「投手論」30

投手論

吉井理人

【第4章 エースの条件】

[佑ちゃんはパワーピッチャー]

・「前」というのは根本的には間違っていない。だが厳密い言うなら「前」ではなく、体に一番力が乗る前で放すのが重要だ。あえて意識して前で放そうとしなくとも、しっかり体重を乗せて、胸をグッと前に貼り出せば、どこで放そうと、自ずとボールは体の前で放たれていく。投球フォームというのはそういう単純な仕組みになっているのに、彼は意識しなくてはうまく投げられないとはき違えてしまっていたようだ。

・左膝が立った状態では体の動きは止まってしまうため、腕とともに自然と膝もいい具合に力が入った状態で曲がる(この時、前に出過ぎてしまうと力は逃げてしまう)。もちろんリリースポイントは特に意識しなくとも自然と耳の横(体に一番力が入る場所)でボールを投げられるようになっていた。

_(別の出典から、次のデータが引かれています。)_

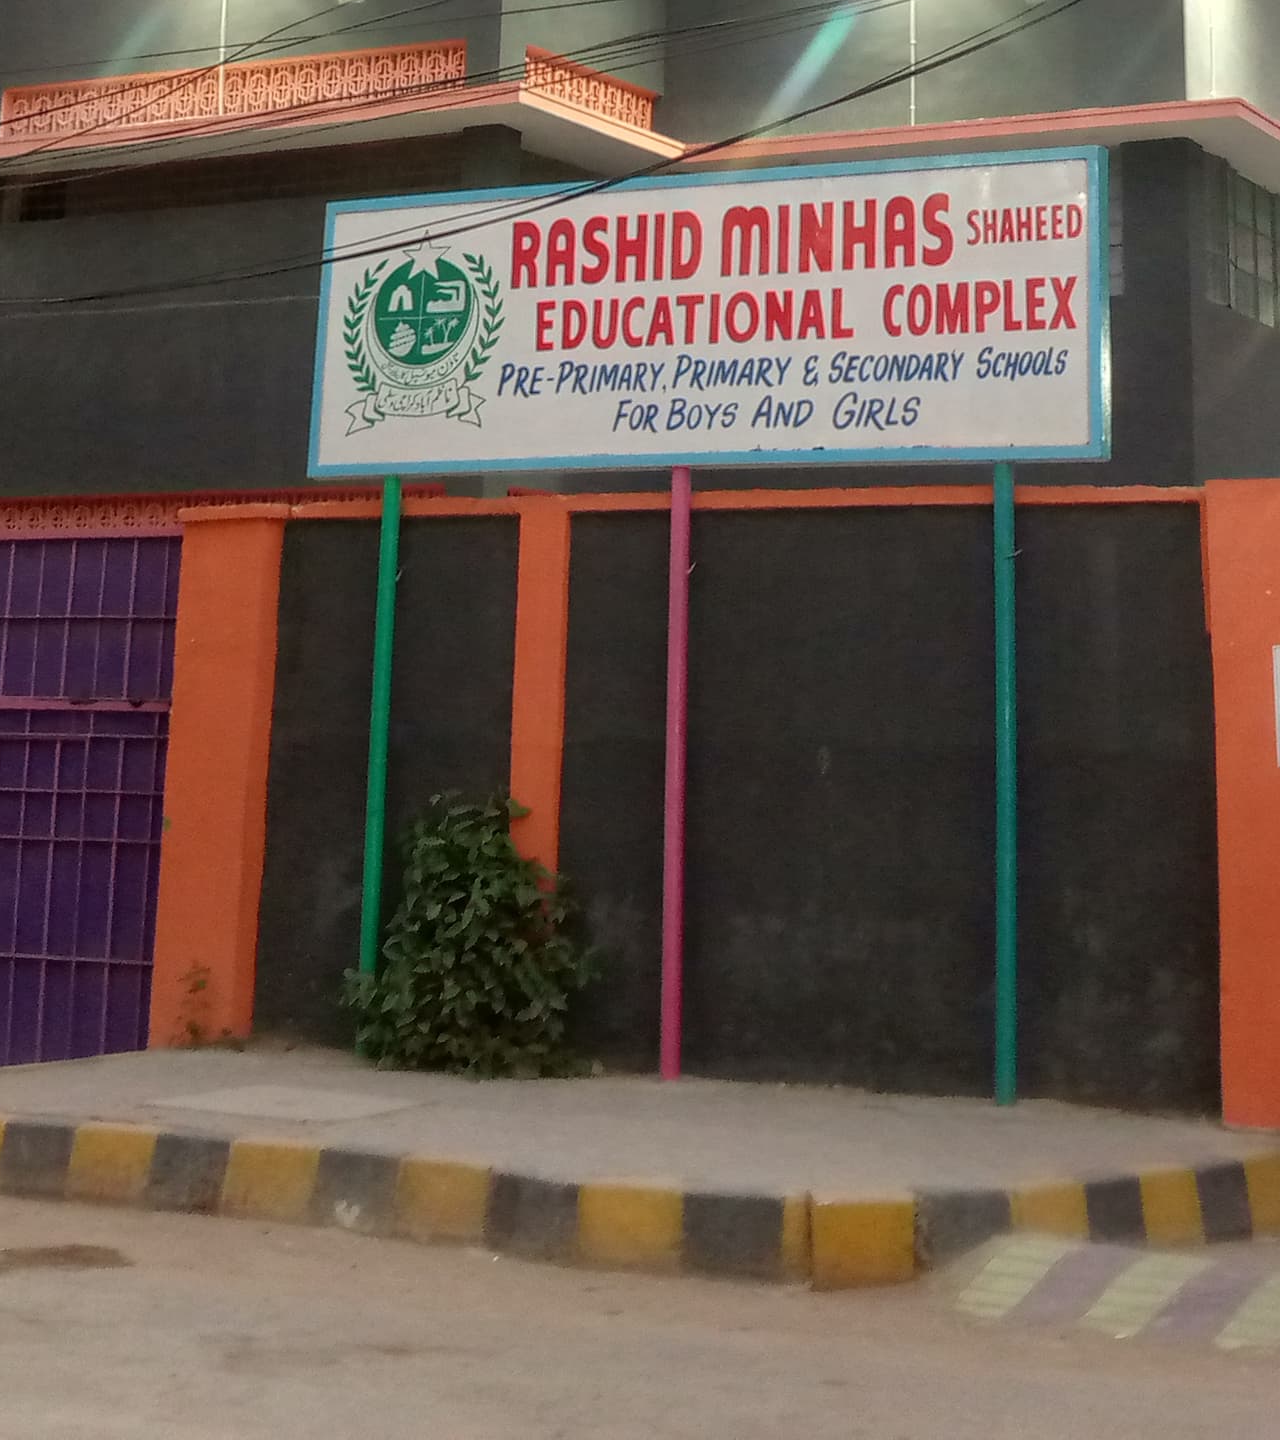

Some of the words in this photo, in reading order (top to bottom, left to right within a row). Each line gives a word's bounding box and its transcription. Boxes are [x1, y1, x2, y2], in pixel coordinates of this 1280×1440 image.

[510, 210, 703, 289] RASHID
[720, 192, 954, 277] MINHAS
[966, 203, 1083, 246] SHAHEED
[535, 287, 855, 352] EDUCATIONAL
[882, 275, 1078, 337] COMPLEX
[671, 354, 793, 392] PRIMARY
[803, 355, 820, 387] &
[828, 349, 965, 384] SECONDARY
[975, 345, 1069, 381] SCHOOLS
[612, 399, 660, 433] FOR
[666, 397, 739, 432] BOYS
[751, 394, 815, 429] AND
[832, 391, 922, 431] GIRLS

・技術的に修正すべき点は数多くあったが、斎藤というピッチャーは精神的には大人で、ピッチャーらしい性格をしていた。僕はコーチになった一年目から、新人投手に、キャンプに入るまでに自分のピッチングの特徴などを自己申告させて来た。特徴を知りたいというのもあったし、選手が自分のことをどう分析しているかというのも知りたかったからだ。レポートを見てイメージ通りだと納得する選手もいれば、別のことを考えている選手もいた。斎藤の場合、大学のピッチングを見た限り、すごく変化球の比率が高く、かわそう、かわして抑えようという意識が強く見られた。それだけに「打たせて取る投手」「試合を作る投手」などと書いてくるものだと思っていた。ところが、彼は違った。パワーピッチャー。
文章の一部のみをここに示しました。